Besides PTSD, Bessler also has chronic headaches and migraines, and shoulder and back pain — most likely from years of carrying a 60-to-70-pound rucksack — and tinnitus, a continuous, distracting and often painful ringing in the ears. He has other hearing difficulties, memory and speech problems, and blurred vision.
You wouldn’t know Bessler has so many medical and mental health issues from looking at him. That’s why experts say the signature wounds of these wars are mostly invisible.
Thick with muscle, heavily tattooed but demure in his manner, Bessler could simply be the likable guy in a baseball cap riding around in his pickup truck with a cool dog and a really cute puppy in the front seat. The puppy, Ziva (a Hebrew name that means brilliance and splendor) is a black Lab who was a present from a neighbor for Valentine’s Day.
But Bessler’s moods change day to day, sometimes hour by hour. Sometimes medications work, sometimes they don’t. Out of nowhere, he will be overcome by a flashback. He will get so fed up with the nightmares and sleepless nights — “Why even bother to nap or sleep?” he said by telephone one night — he will think the only thing that can stop all the physical and psychic pain is death.

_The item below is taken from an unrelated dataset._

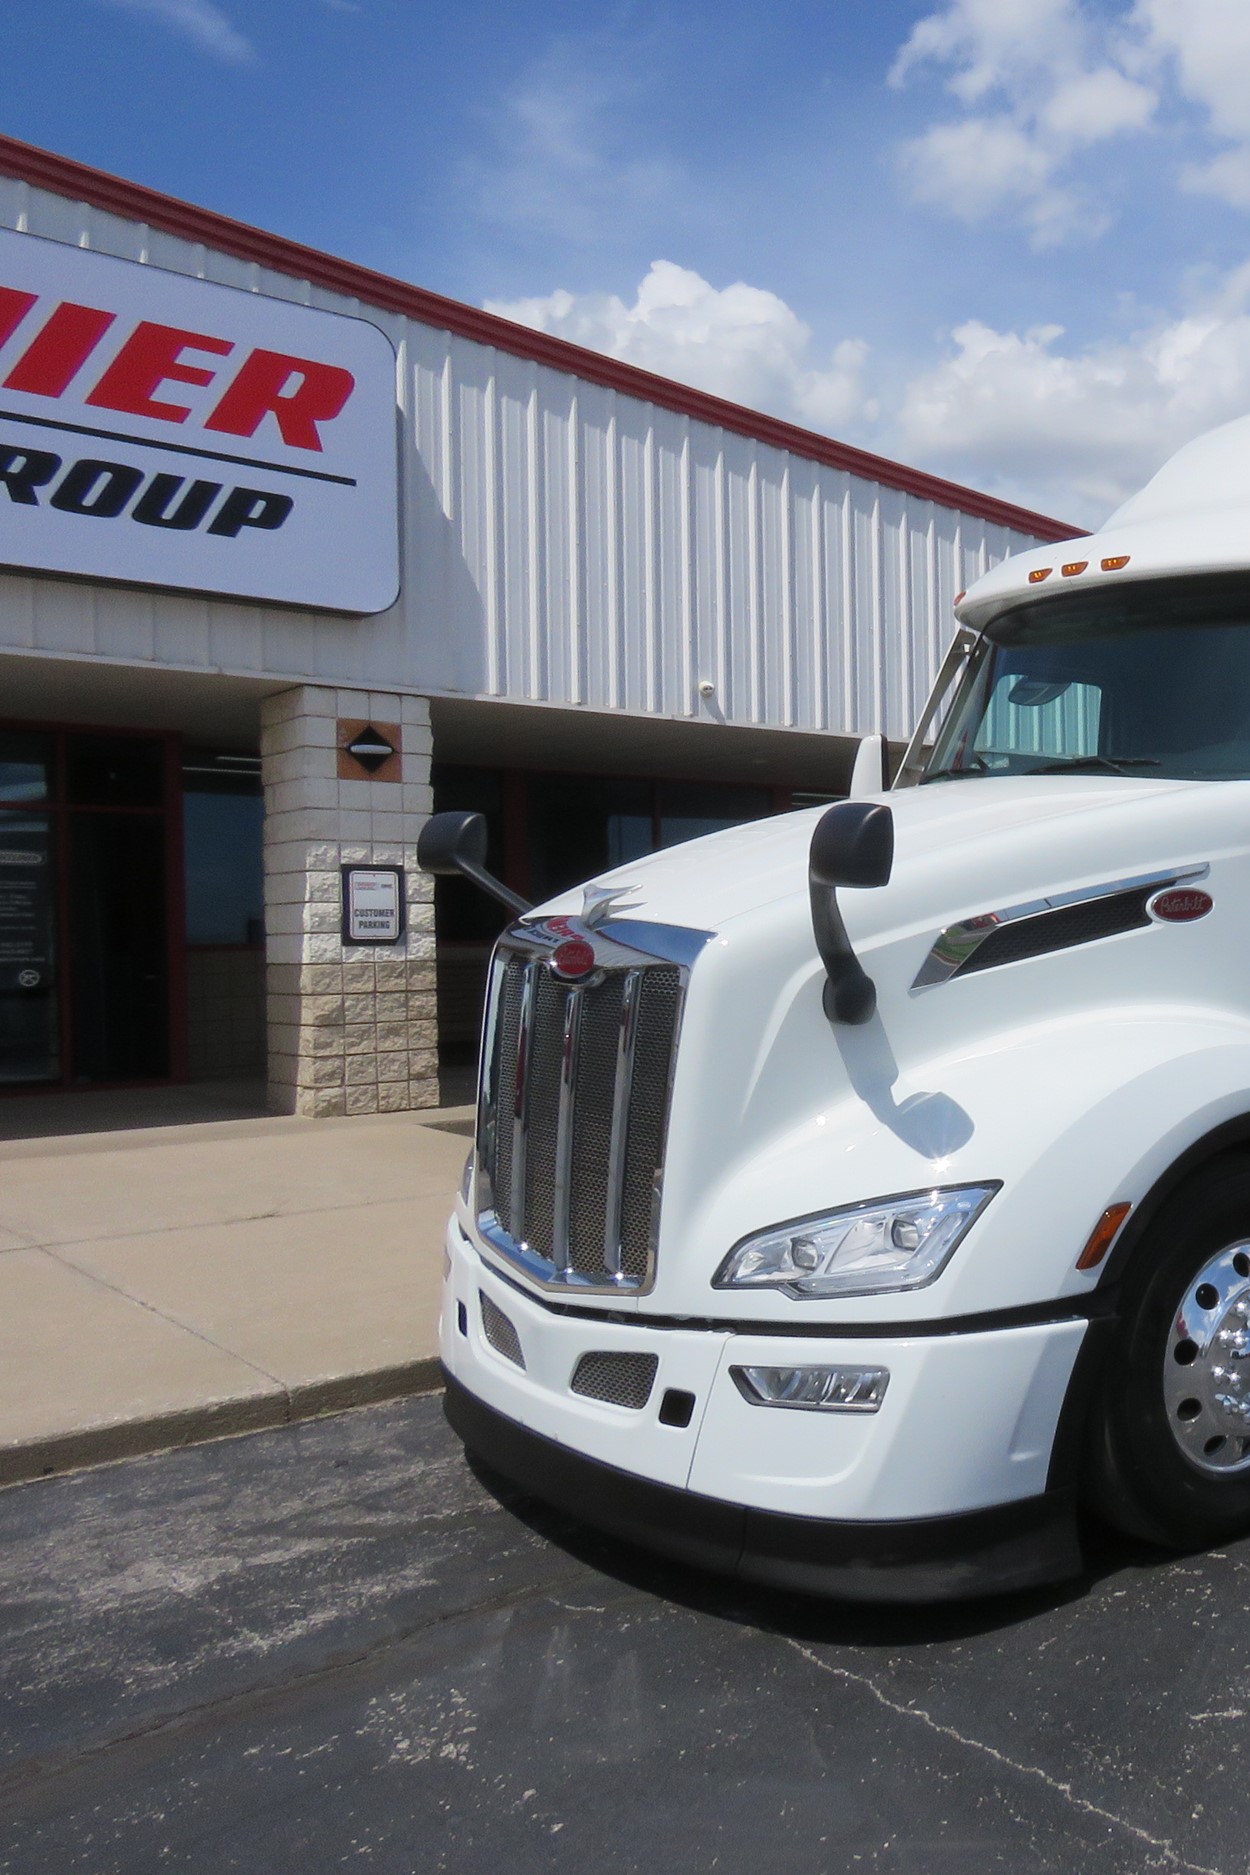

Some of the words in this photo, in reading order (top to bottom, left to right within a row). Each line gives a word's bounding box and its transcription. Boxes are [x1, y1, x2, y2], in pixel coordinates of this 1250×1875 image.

[1160, 895, 1207, 914] Peterbilt
[354, 908, 395, 917] CUSTOMER
[358, 920, 391, 929] PARKING
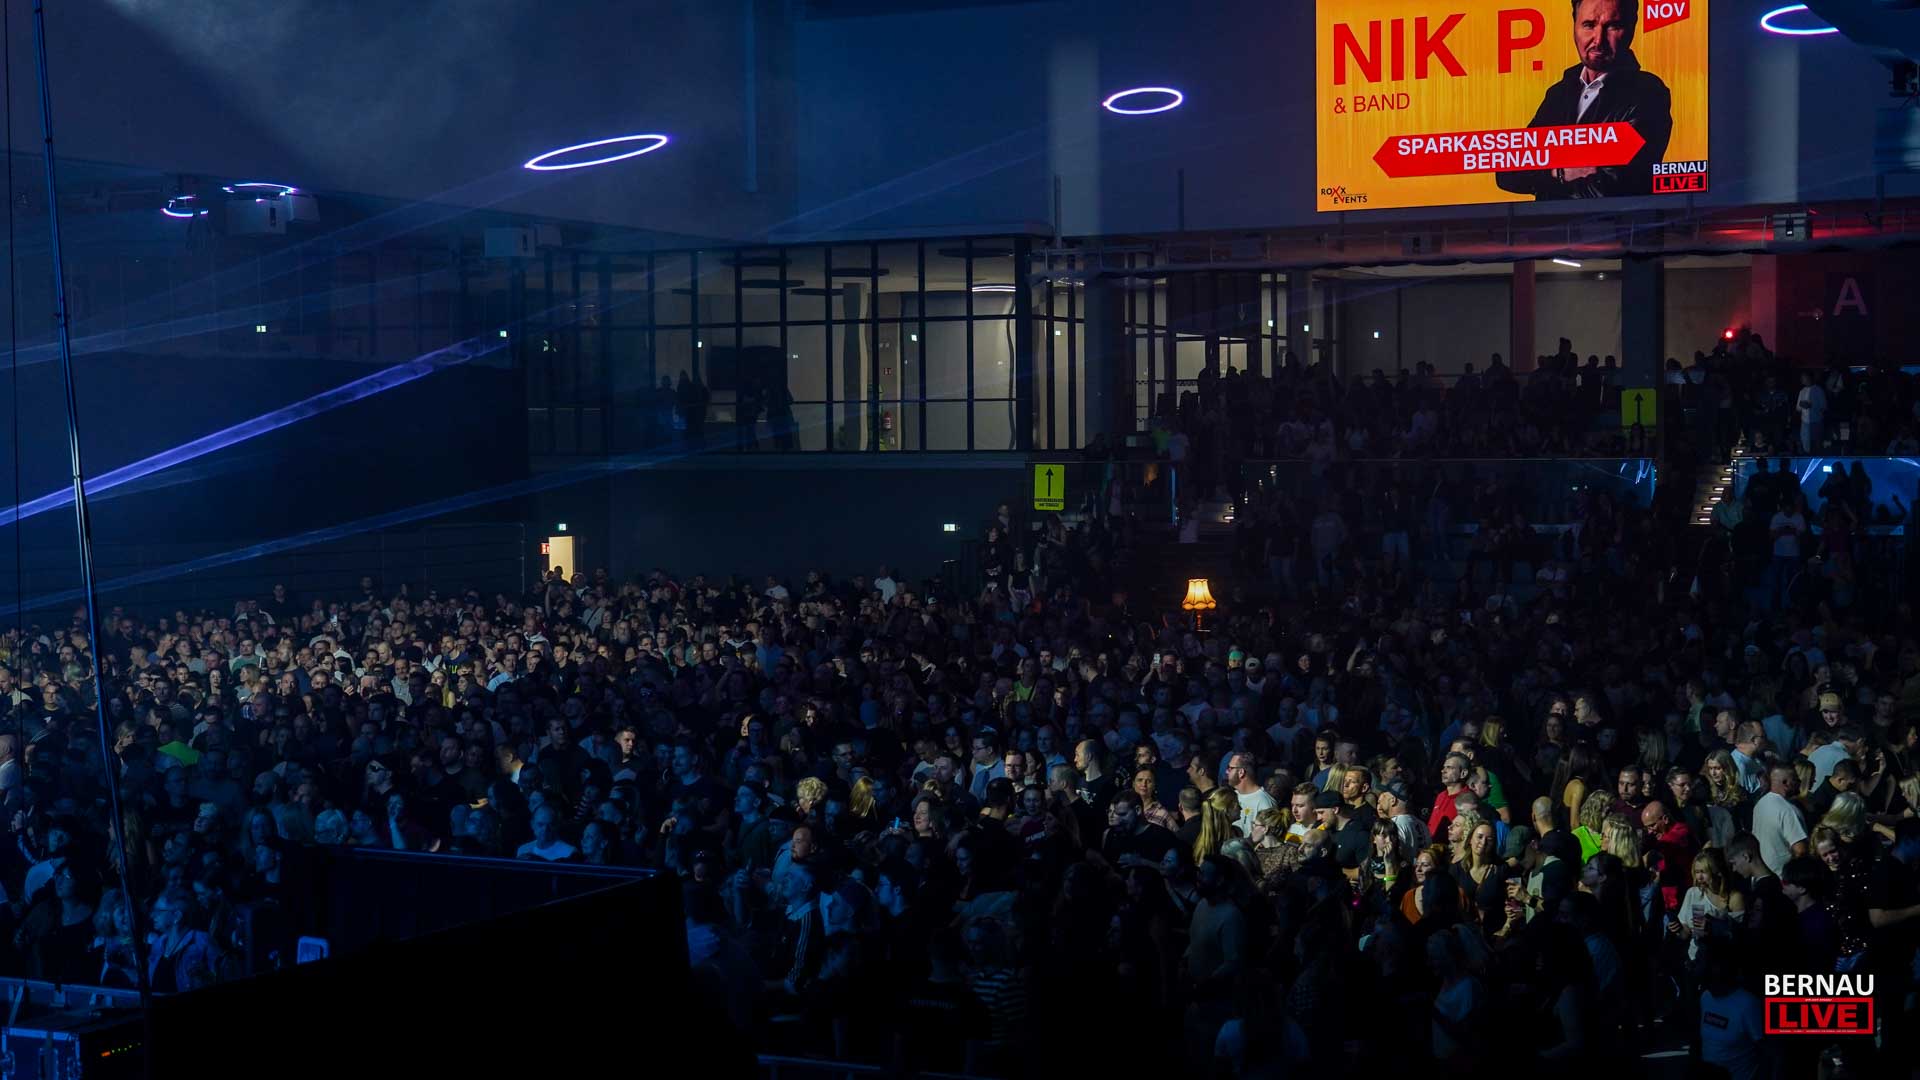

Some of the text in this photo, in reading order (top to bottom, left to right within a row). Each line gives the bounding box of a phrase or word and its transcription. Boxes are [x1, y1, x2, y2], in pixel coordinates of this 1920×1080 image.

Then Mike will pick up on Bessler’s depressive state, and, as well-trained service dogs do, interrupt him and stop the demons from taking over. The dog will climb on top of Bessler as if to make sure his master cannot go anywhere and hurt himself. Or, he will drop a tennis ball or stuffed toy in Bessler’s lap and refuse to leave until he gets to chase one of them.
And Bessler will consider that taking his life would mean leaving Mike behind. A credo in the military is to leave no soldier behind.
“That’s not being fair to the dog, not being fair to that partner who’s stood beside me forever,” he said, crying. “When you can escape yourself for a minute, and stop being selfish and think about the things you have, in my world, it’s that dog.”